## EXERCISE AIM
Under this line sits a listing. Repeat exactly and only its lines from the one holding "this 1536×1111 image." through the one holding "this 2212×1659 image."; skip pictures.

─── RECORDED INFORMATION

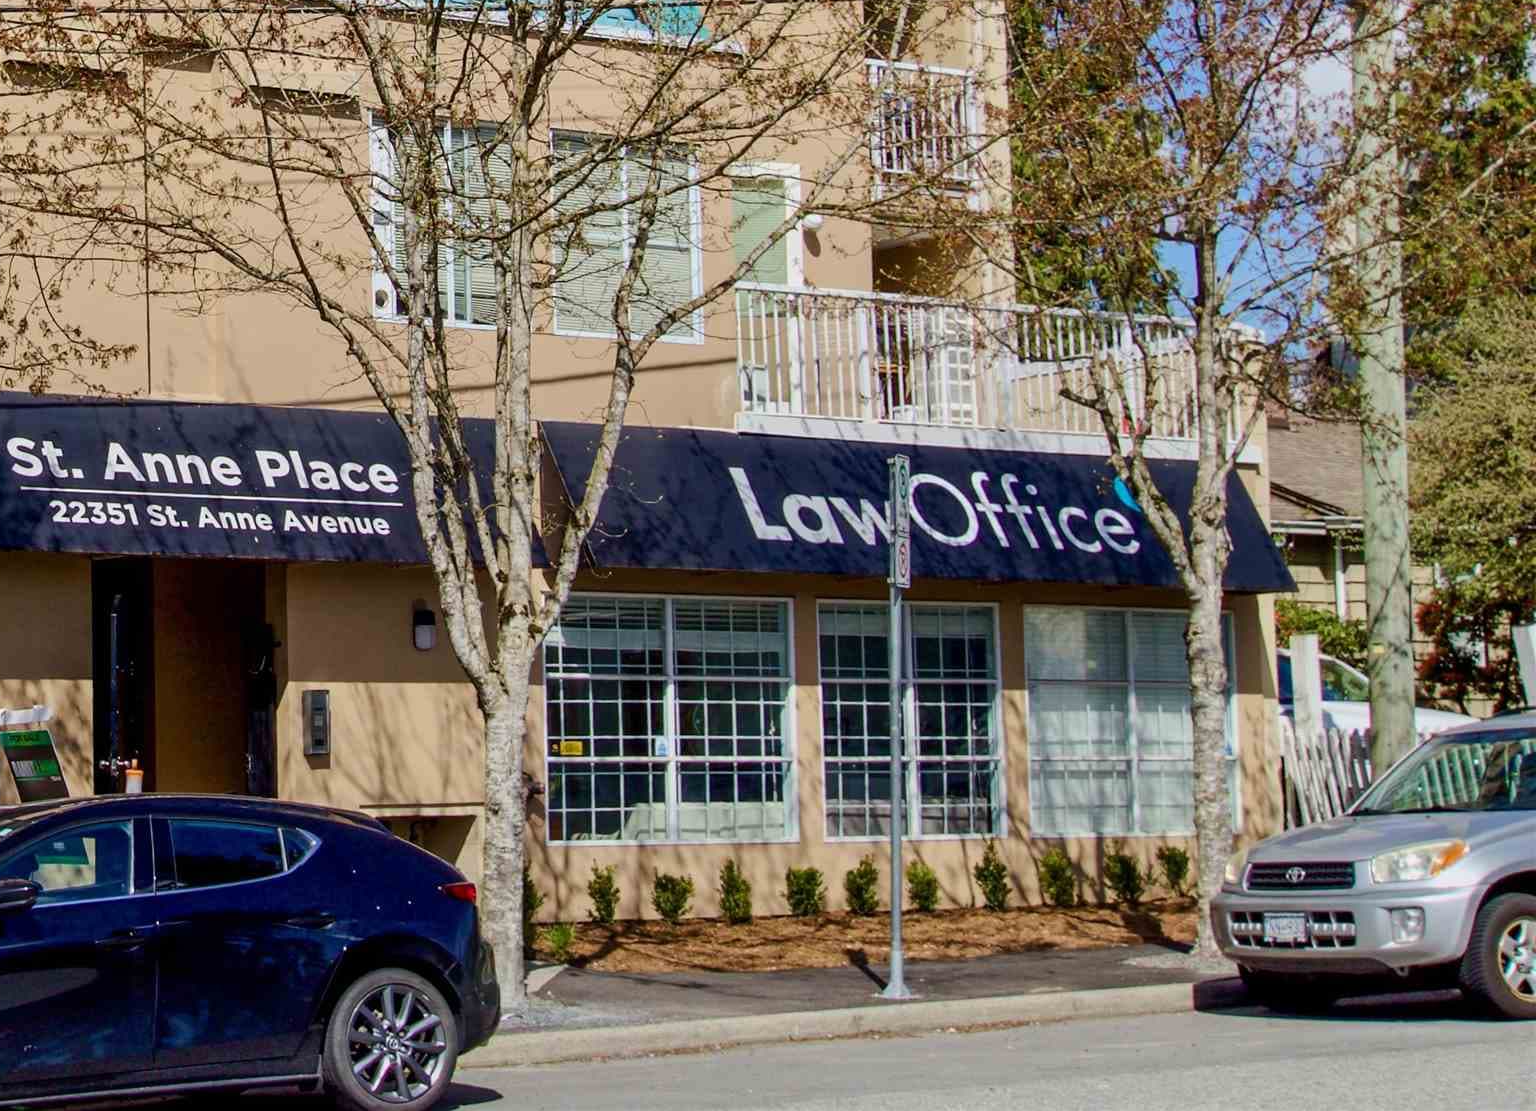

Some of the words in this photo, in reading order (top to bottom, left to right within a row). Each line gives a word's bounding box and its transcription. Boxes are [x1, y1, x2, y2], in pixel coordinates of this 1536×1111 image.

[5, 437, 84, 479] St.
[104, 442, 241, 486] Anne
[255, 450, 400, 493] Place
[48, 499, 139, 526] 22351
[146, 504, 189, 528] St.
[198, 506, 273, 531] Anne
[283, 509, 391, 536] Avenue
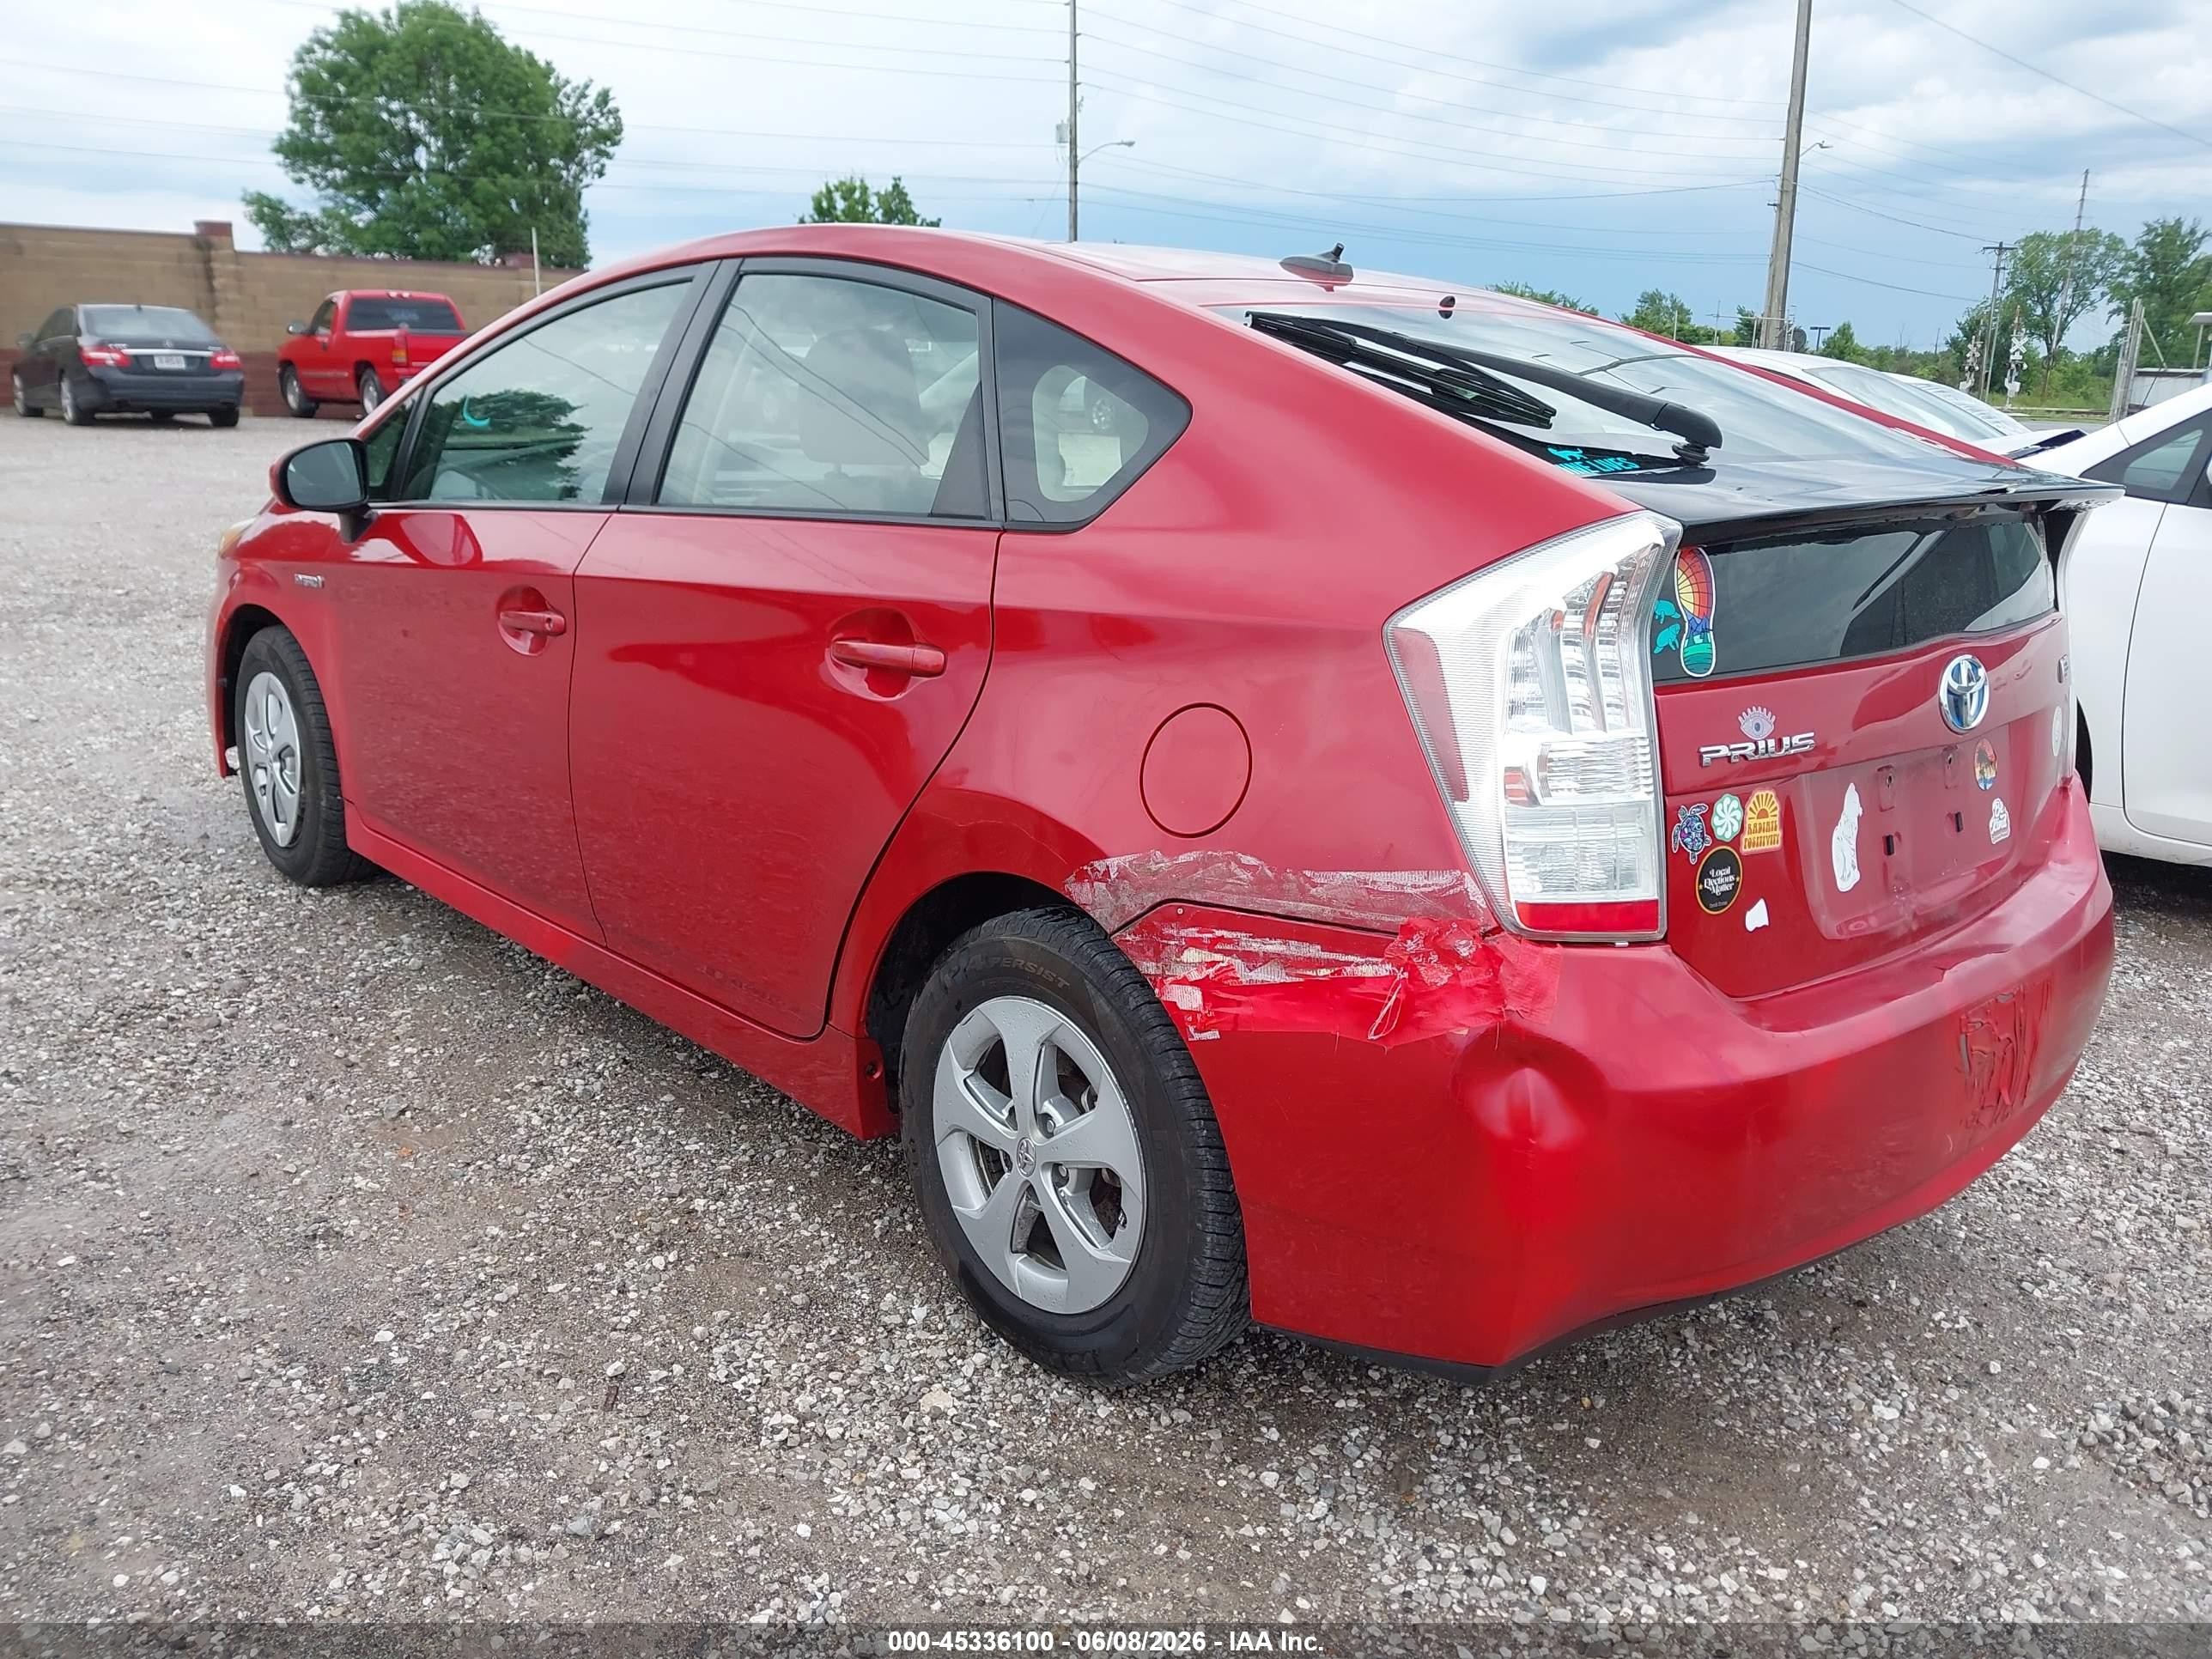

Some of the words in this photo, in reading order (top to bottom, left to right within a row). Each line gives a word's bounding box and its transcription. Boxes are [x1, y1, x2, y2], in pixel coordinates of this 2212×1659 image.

──────
─── RECORDED INFORMATION

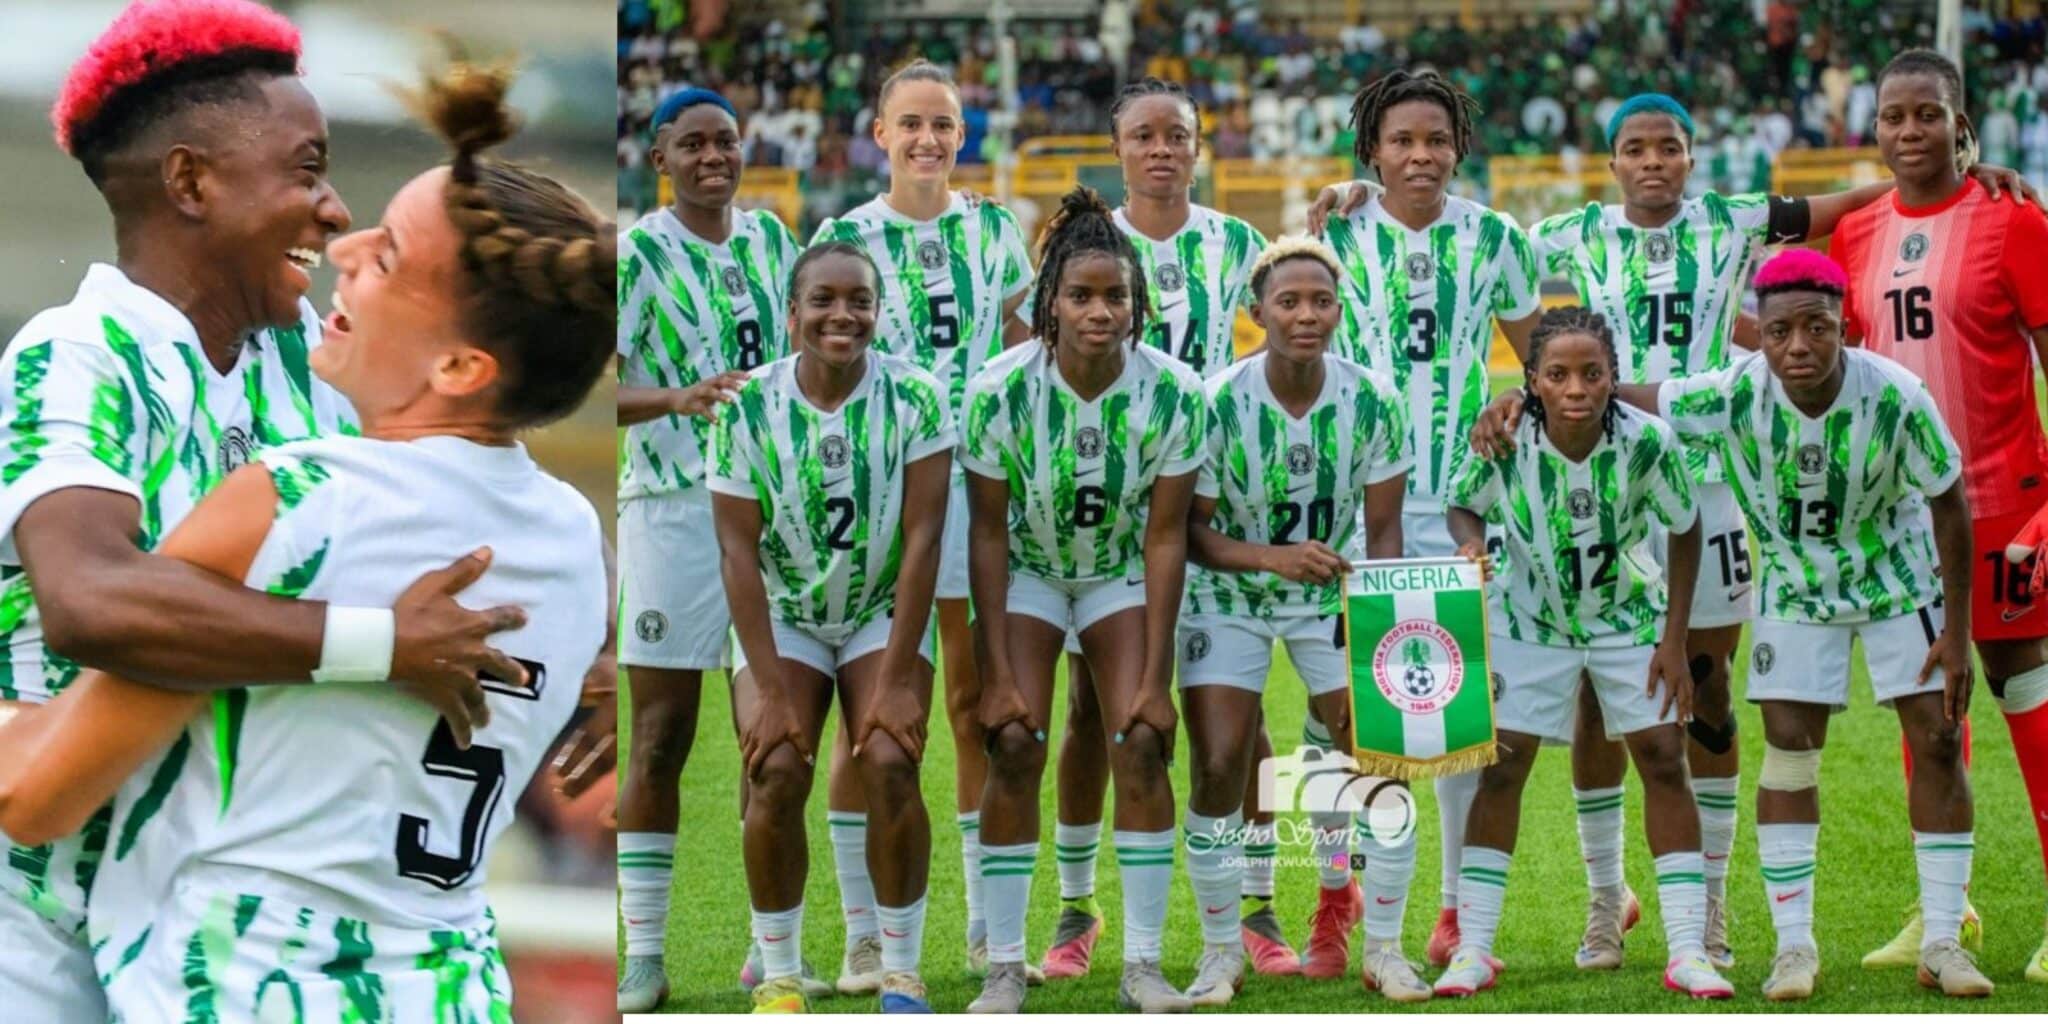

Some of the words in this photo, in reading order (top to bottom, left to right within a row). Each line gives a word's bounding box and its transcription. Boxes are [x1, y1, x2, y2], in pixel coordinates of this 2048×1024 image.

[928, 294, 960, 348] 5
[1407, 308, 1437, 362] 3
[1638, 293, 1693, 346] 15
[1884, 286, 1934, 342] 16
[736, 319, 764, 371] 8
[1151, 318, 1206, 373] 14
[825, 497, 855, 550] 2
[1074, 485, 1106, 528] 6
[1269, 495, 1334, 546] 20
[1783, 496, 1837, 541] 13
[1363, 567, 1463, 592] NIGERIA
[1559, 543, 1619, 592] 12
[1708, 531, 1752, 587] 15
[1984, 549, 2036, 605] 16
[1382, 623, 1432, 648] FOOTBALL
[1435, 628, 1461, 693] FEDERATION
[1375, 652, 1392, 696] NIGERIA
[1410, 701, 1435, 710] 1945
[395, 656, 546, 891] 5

──────

## COMPLETED EXERCISE
Some of the words in this photo, in reading order (top to bottom, left to right within a row). Each line gives a word's bounding box and its transcription. Boxes are [x1, y1, x2, y2], in pixel coordinates of this 1536×1111 image.

[5, 437, 84, 479] St.
[104, 442, 241, 486] Anne
[255, 450, 400, 493] Place
[48, 499, 139, 526] 22351
[146, 504, 189, 528] St.
[198, 506, 273, 531] Anne
[283, 509, 391, 536] Avenue

Some of the words in this photo, in reading order (top to bottom, left to right within a row). Each line gives a word's bounding box and its transcription. Boxes are [x1, y1, x2, y2], in pixel coordinates of this 2212×1659 image.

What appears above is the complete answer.